The 40th anniversary of the beginning of the international struggle for Soviet Jewry is being celebrated with much pomp and circumstance. Festivities range from gala evenings in Israel, the United States and elsewhere, to a fascinating exhibition at the Diaspora Museum and another range of events, to a Jewish film festival and a Maccabi Tel Aviv basketball game (how this can help anyone celebrate anything totally escapes me.)
This is all as it should be, as the campaign to liberate the Jews of Silence was indeed a unique example of a brave group of men and women fighting the world's most powerful repressive regime, both for their human rights and their right to a Jewish identity; as such, the movement inspired millions - and not only Jews - around the world.
You don't have to agree with Prime Minister Ehud Olmert's rather sweeping historical judgment this week to feel the enormity of their challenge: "The victory that was achieved at the end of the struggle for Soviet Jewry lead not only to the opening of the gates; everyone knows it also contributed in a significant way to the toppling of the Soviet regime, which changed the whole world."
Slow on the uptake
But there is a discordant note in this festival. Ask the organizers what makes this battle unique among all those the Jewish people fought, and the answer you invariably get is that this was the first time the entire Jewish people united around a common cause, to liberate their brothers and sisters.
In many ways, this campaign was a rare convergence of streams, but it would do no harm to remember that, at least in the early days, not all joined the fight automatically. I'm not talking about the usual shirkers you can all imagine without me naming names; I mean the Government of Israel.
Obviously, to commemorate 40 years now requires the use of a rather artificial date. It's true that in the aftermath of the Six Day War there was a wider awakening among the younger Jewish generation throughout Russia and its subjugated republics, which resonated with their counterparts around the world. But the struggle began long before, from the early 1920s as a cautious estimate.
In 1952, Nativ was set up as a secret government agency aimed at working with the Jews of the Soviet Union and keeping alive their Jewish identity along with their connection to Israel. A wide range of other Jewish organizations were active there from the early days of Stalin's terror onward. But even accepting that in 1967, a new, more public phase of the struggle began, it still took quite a while for the government to take part.
Arie "Lova" Eliav - the veteran Labor politician and educator, the First Secretary at the embassy in Moscow from 1958-1960 and later the head of Nativ operations in Russia - recalls how "the official government wouldn't lend its name to the cause at the beginning. The view was that it would seriously damage ties with the Soviets, and that quiet diplomacy was better."
This position didn't change after 1967 and, despite the USSR severing diplomatic ties, the government still hoped to reestablish links.

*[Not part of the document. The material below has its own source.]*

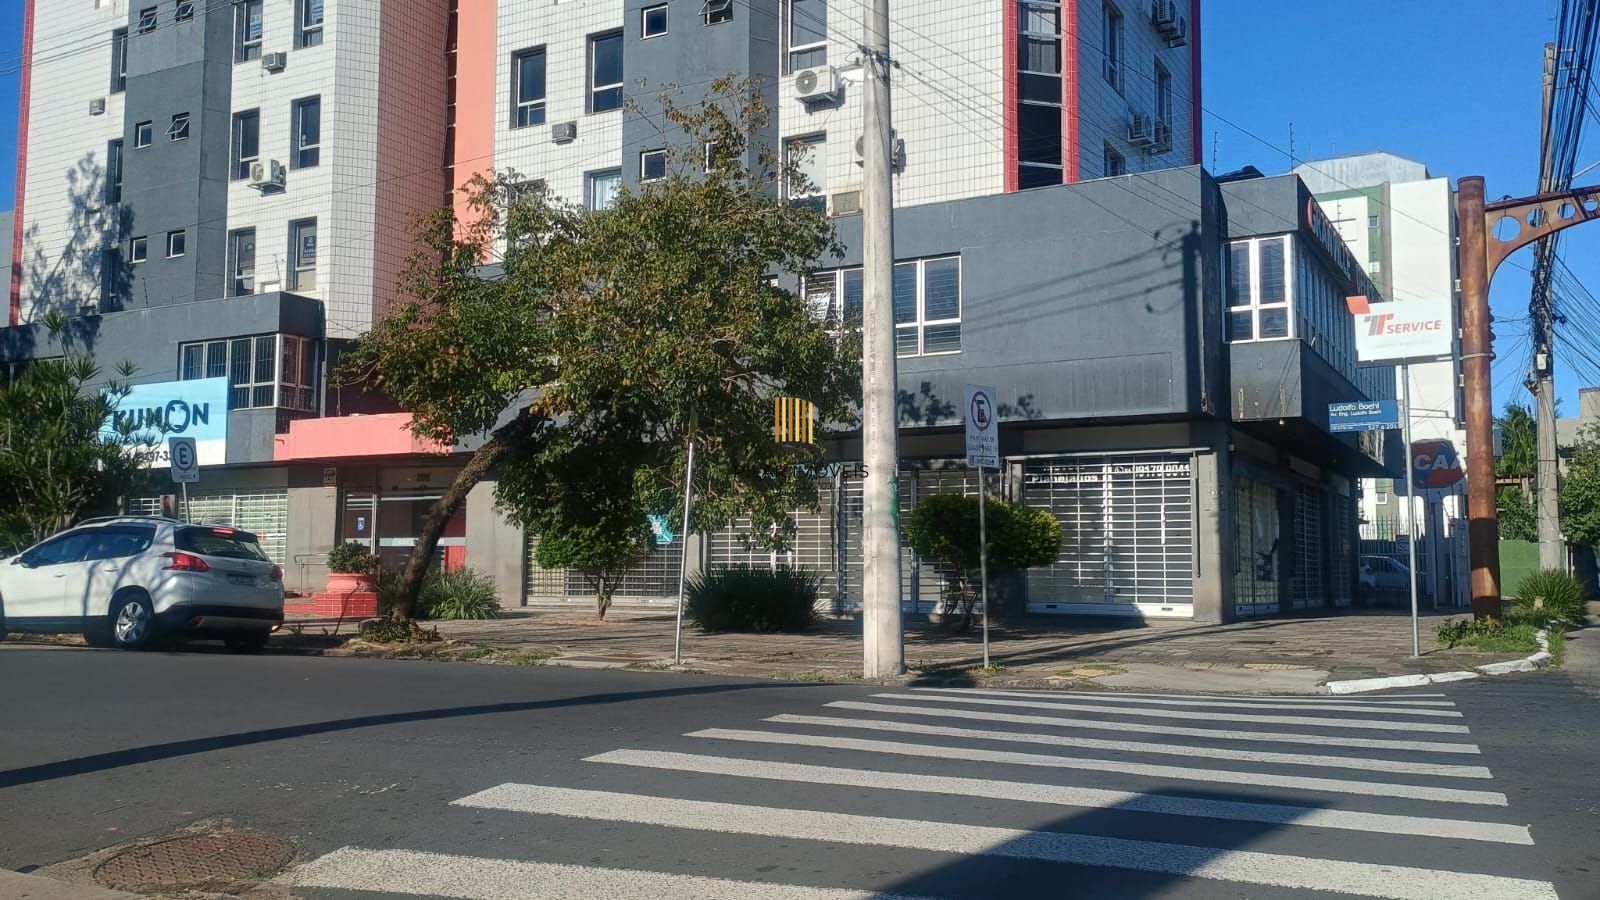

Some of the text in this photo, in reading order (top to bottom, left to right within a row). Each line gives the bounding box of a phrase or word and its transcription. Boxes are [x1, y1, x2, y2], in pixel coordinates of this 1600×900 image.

[1386, 320, 1442, 335] SERVICE
[1329, 402, 1380, 412] Ludolfo Boehl
[112, 400, 209, 434] KUMON
[179, 447, 188, 465] E

Prime ministers Levi Eshkol and Golda Meir stuck to a low-profile policy.
"In Nativ, we were the only radicals, wanting to make the case out in the open," Eliav said. "But the government stuck to their line and were interested mainly in the chances of reopening the embassy. Naturally, it caused a great deal of friction with various Jewish organizations."
Bobby Brown, a former advisor on Diaspora affairs to the prime minister and a long-time activist on behalf of Soviet Jewry, remembers how from the mid sixties onward, representatives from the Israeli Consulate in New York tried to dissuade him and his friends in the Beitar movement from doing too much.

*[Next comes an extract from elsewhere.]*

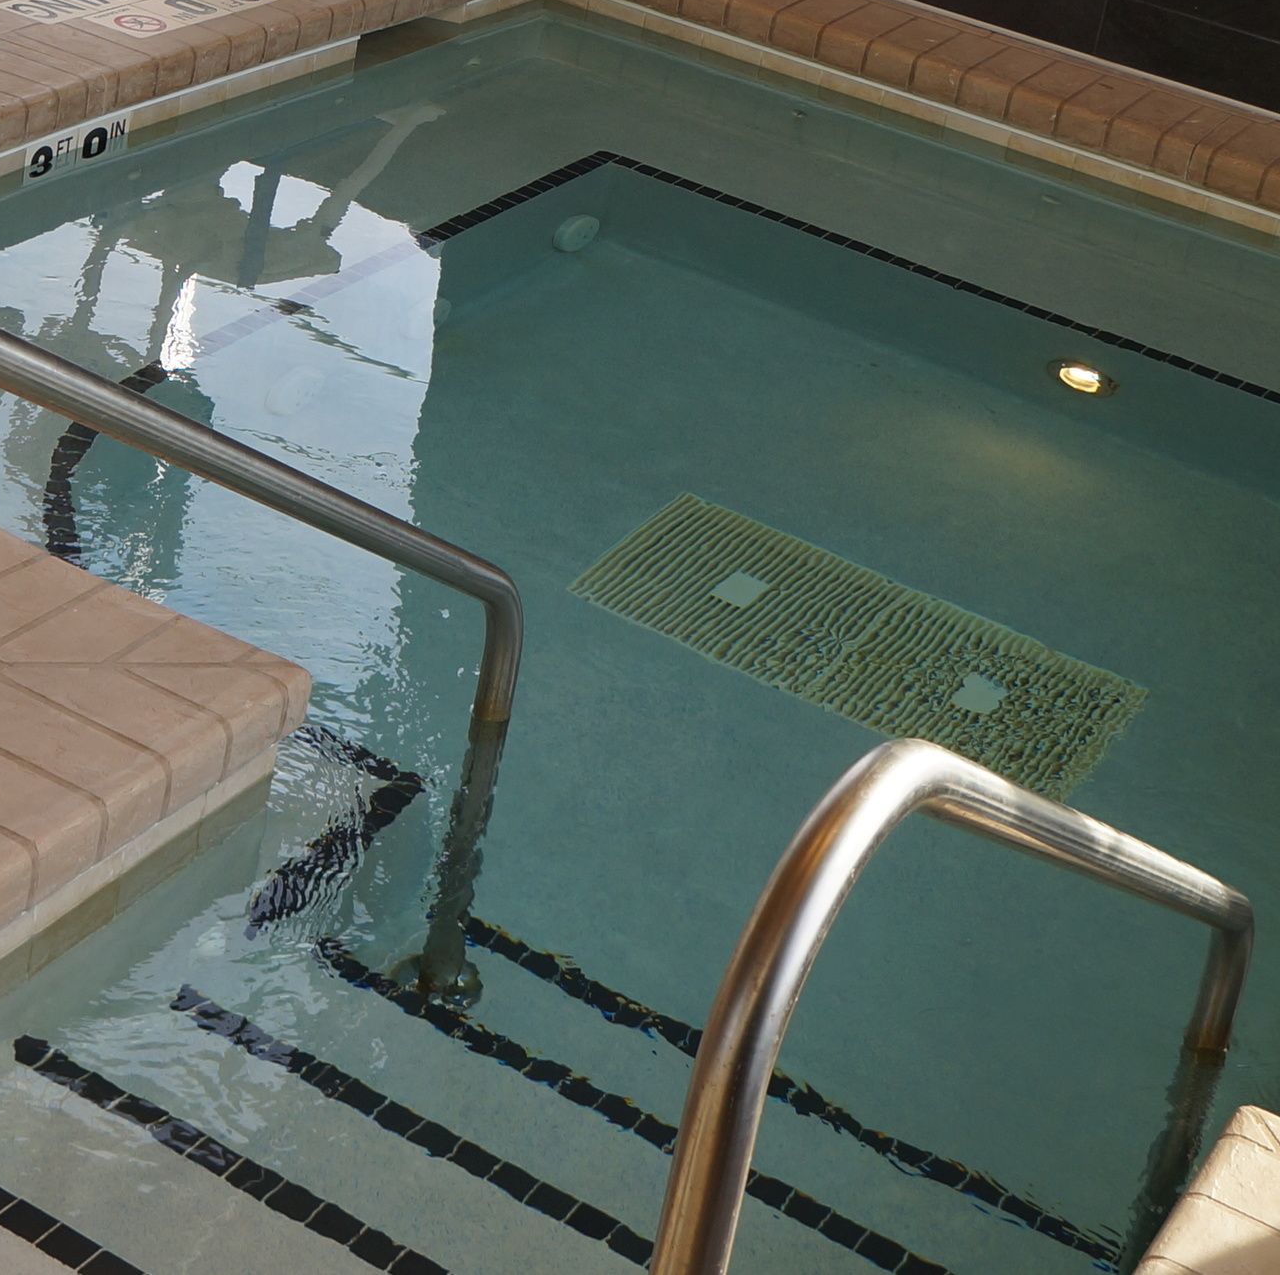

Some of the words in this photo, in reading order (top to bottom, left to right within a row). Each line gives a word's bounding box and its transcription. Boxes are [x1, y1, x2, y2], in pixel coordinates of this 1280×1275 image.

"In one case, they told us that two dissidents we were helping were actually KGB agents. Another time, we were told immigration from the Soviet Union to Israel wouldn't be a good thing because it would include provocateurs and criminal types. Whenever we asked the consulate to send a speaker to a demonstration, they ignored our request."
This is a classic case of the clash between the perceived interests of the state of Israel and those of the wider Jewish community. In retrospect, it seems clear only an open, in-your-face challenge to the Soviet leadership had any chance of achieving something. It took almost a decade, and a new, more U.S.-aligned Israeli leadership in Yitzhak Rabin's first term as prime minister, to come to the realization that diplomatic ties weren't going to be renewed so quickly. The struggle taking place in Moscow and Leningrad had captured the interest of a whole generation of young Jews.
Now, it seems as if the Eshkol and Meir governments were wrong, but was it really so clear-cut then? If there was a chance of a thaw with the politburo or a USSR shift from its total support for the Arab states, would the strategic benefits not have justified keeping quiet on the repression of Jews?
Behind closed doors
Arguments and conflicts of interest between Israel and the Jewish world are usually kept beneath the surface. There might be bitter divisions over questions such as whether to promote more immigration, at the price of depleting local communities, or whether or not to allow the Falashmura in. Debates may address how best to deal with the Iranian threat and Jerusalem's future borders, but until now, the established practice has been to have these arguments behind closed doors.
The problem is, these discussions shouldn't be the preserve of a small group of politicians; public scrutiny, with all its inevitable pressure, is crucial. The government was forced to take a real stand in the 1970s, only after young activists within the Soviet Union went public - at an enormous risk, in many cases paying with their freedom - to put their cause firmly on the international agenda. Therein lies the message on this anniversary.